## Directions for this task
Could you repeat the records below exactly, leaving out any pictures?
---
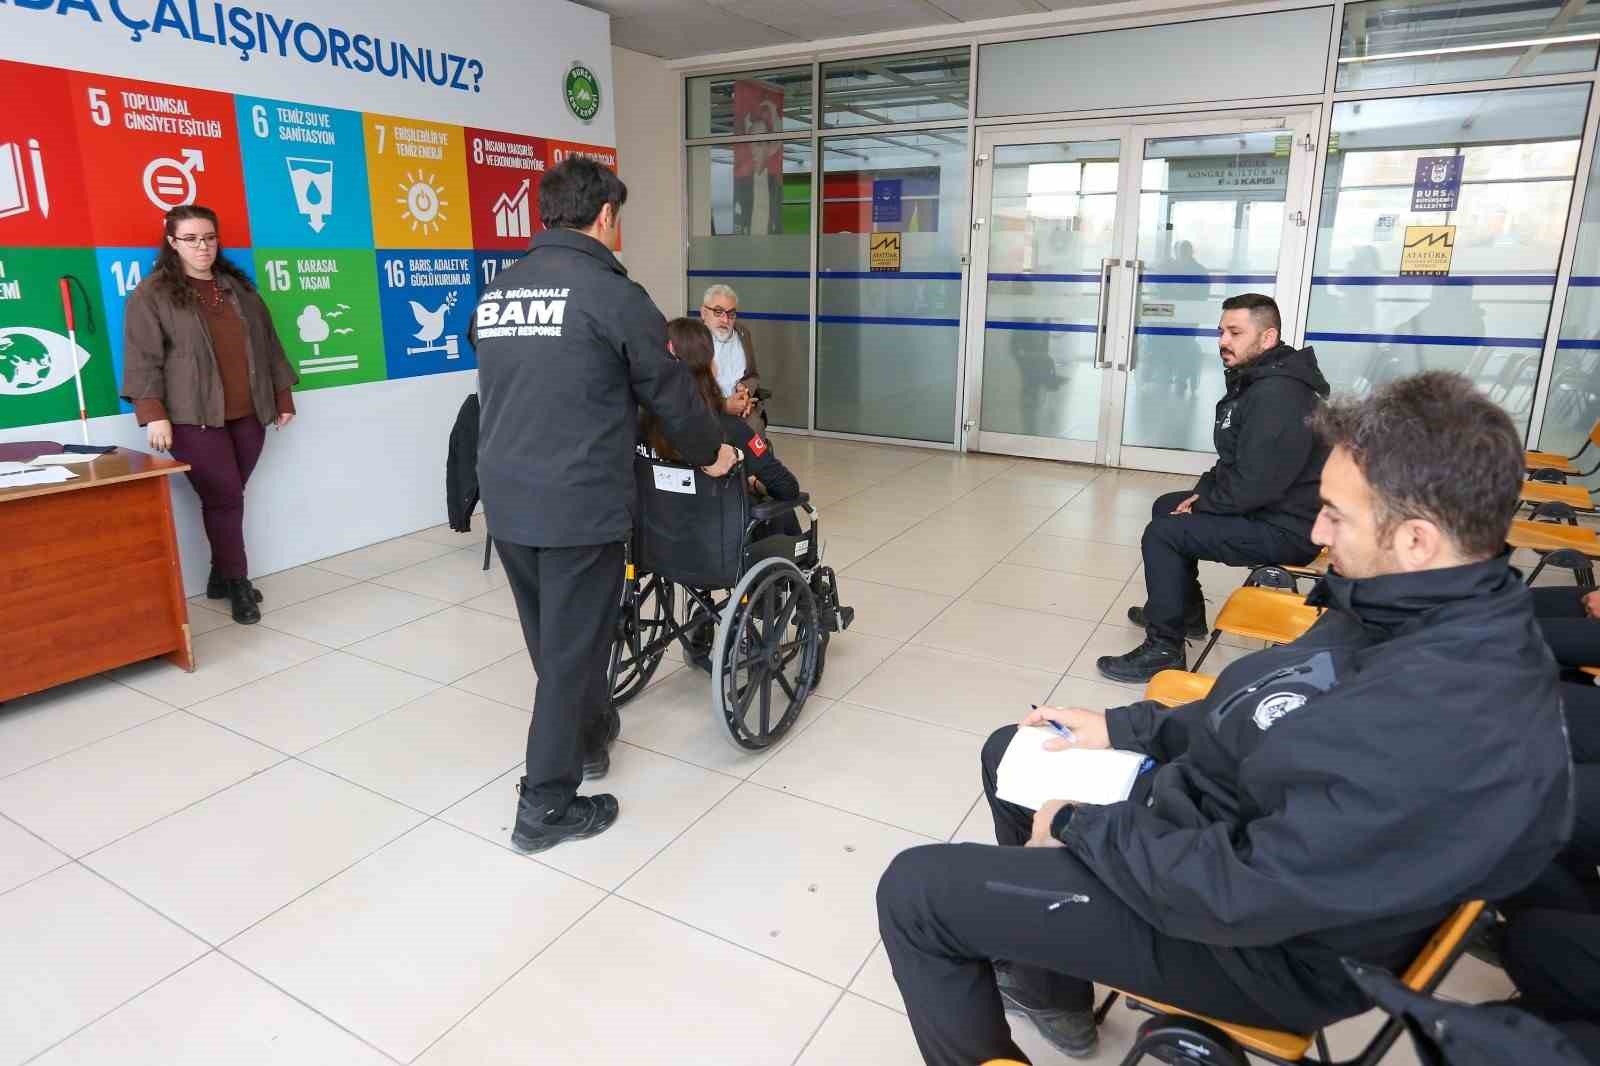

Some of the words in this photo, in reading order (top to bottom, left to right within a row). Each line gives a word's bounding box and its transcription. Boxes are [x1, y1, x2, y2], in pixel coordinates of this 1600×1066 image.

[109, 0, 484, 93] ÇALIŞIYORSUNUZ?
[87, 87, 111, 127] 5
[120, 91, 192, 115] TOPLUMSAL
[124, 111, 177, 134] CİNSİYET
[178, 118, 222, 138] EŞİTLİĞİ
[252, 104, 269, 138] 6
[276, 107, 304, 124] TEMİZ
[305, 111, 317, 126] SU
[317, 113, 330, 127] VE
[279, 125, 336, 145] SANİTASYON
[375, 125, 385, 154] 7
[473, 137, 484, 164] 8
[265, 260, 291, 292] 15
[296, 259, 339, 273] KARASAL
[384, 259, 406, 288] 16
[434, 259, 459, 271] ADALET
[459, 259, 469, 271] VE
[482, 259, 497, 285] 17
[111, 260, 142, 297] 14
[299, 275, 331, 292] YAŞAM
[410, 272, 434, 287] GÜÇLÜ
[434, 273, 471, 286] KURUMLAR
[505, 287, 571, 299] MÜDAHALE
[477, 300, 567, 328] BAM
[518, 326, 562, 337] RESPONSE
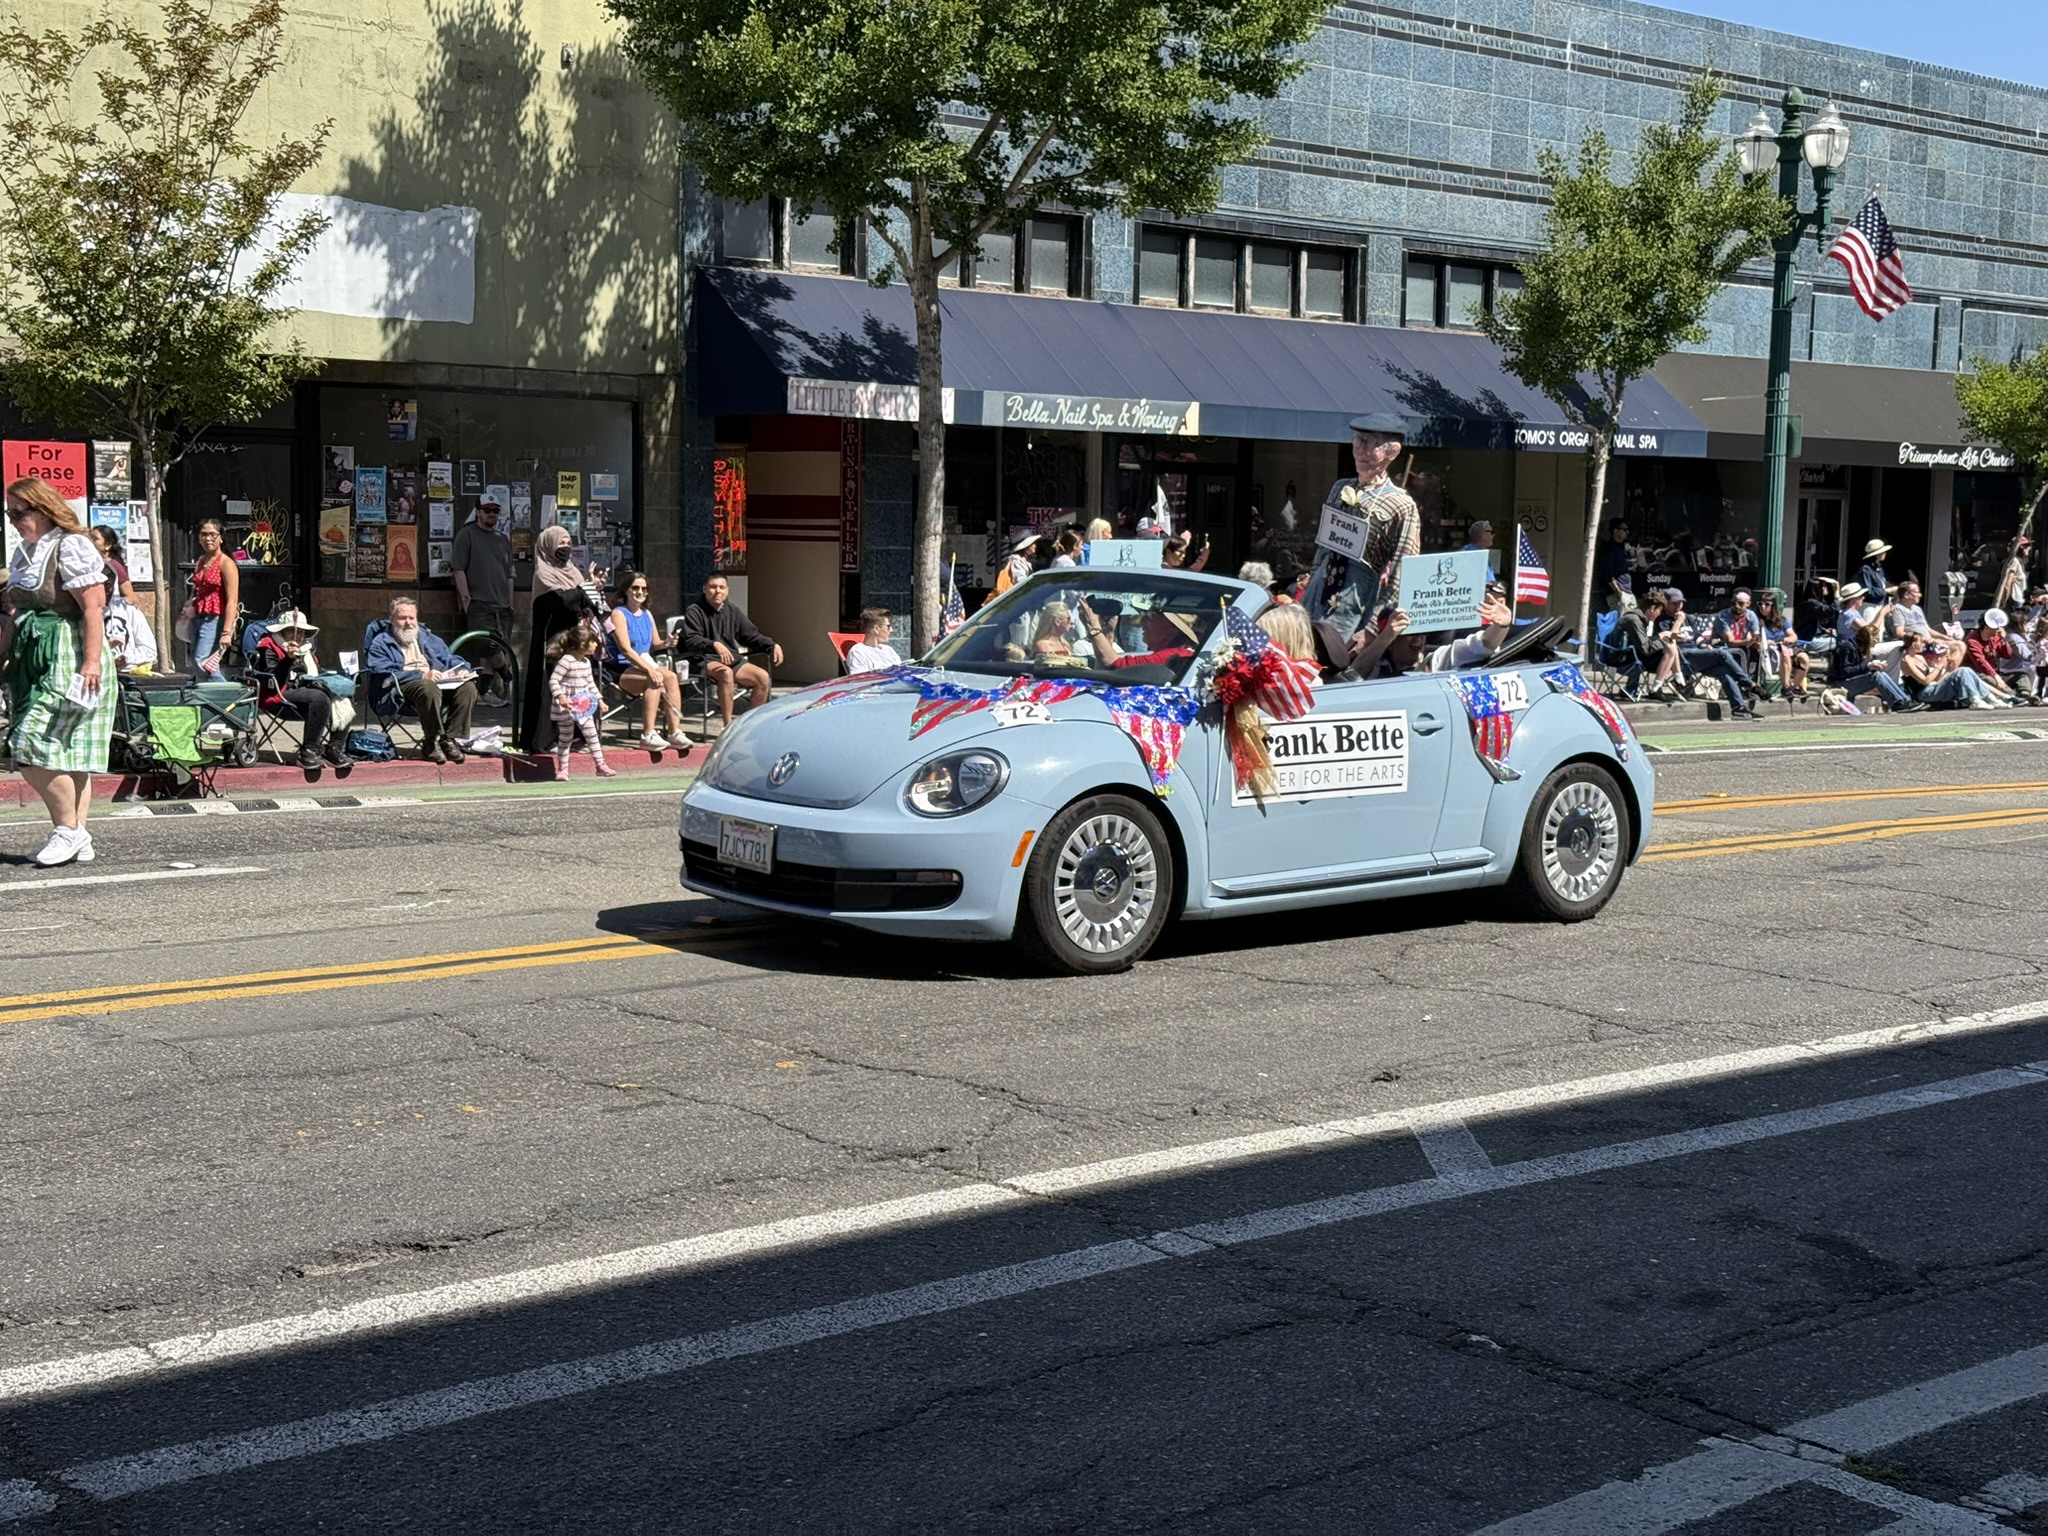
---
## Answer section
Some of the words in this photo, in reading order (top to bottom, left to right within a row). Each line gives a word's bounding box and its transcription. Boxes are [x1, y1, x2, y2], in pixel coordinates of this 1600×1066 image.

[109, 0, 484, 93] ÇALIŞIYORSUNUZ?
[87, 87, 111, 127] 5
[120, 91, 192, 115] TOPLUMSAL
[124, 111, 177, 134] CİNSİYET
[178, 118, 222, 138] EŞİTLİĞİ
[252, 104, 269, 138] 6
[276, 107, 304, 124] TEMİZ
[305, 111, 317, 126] SU
[317, 113, 330, 127] VE
[279, 125, 336, 145] SANİTASYON
[375, 125, 385, 154] 7
[473, 137, 484, 164] 8
[265, 260, 291, 292] 15
[296, 259, 339, 273] KARASAL
[384, 259, 406, 288] 16
[434, 259, 459, 271] ADALET
[459, 259, 469, 271] VE
[482, 259, 497, 285] 17
[111, 260, 142, 297] 14
[299, 275, 331, 292] YAŞAM
[410, 272, 434, 287] GÜÇLÜ
[434, 273, 471, 286] KURUMLAR
[505, 287, 571, 299] MÜDAHALE
[477, 300, 567, 328] BAM
[518, 326, 562, 337] RESPONSE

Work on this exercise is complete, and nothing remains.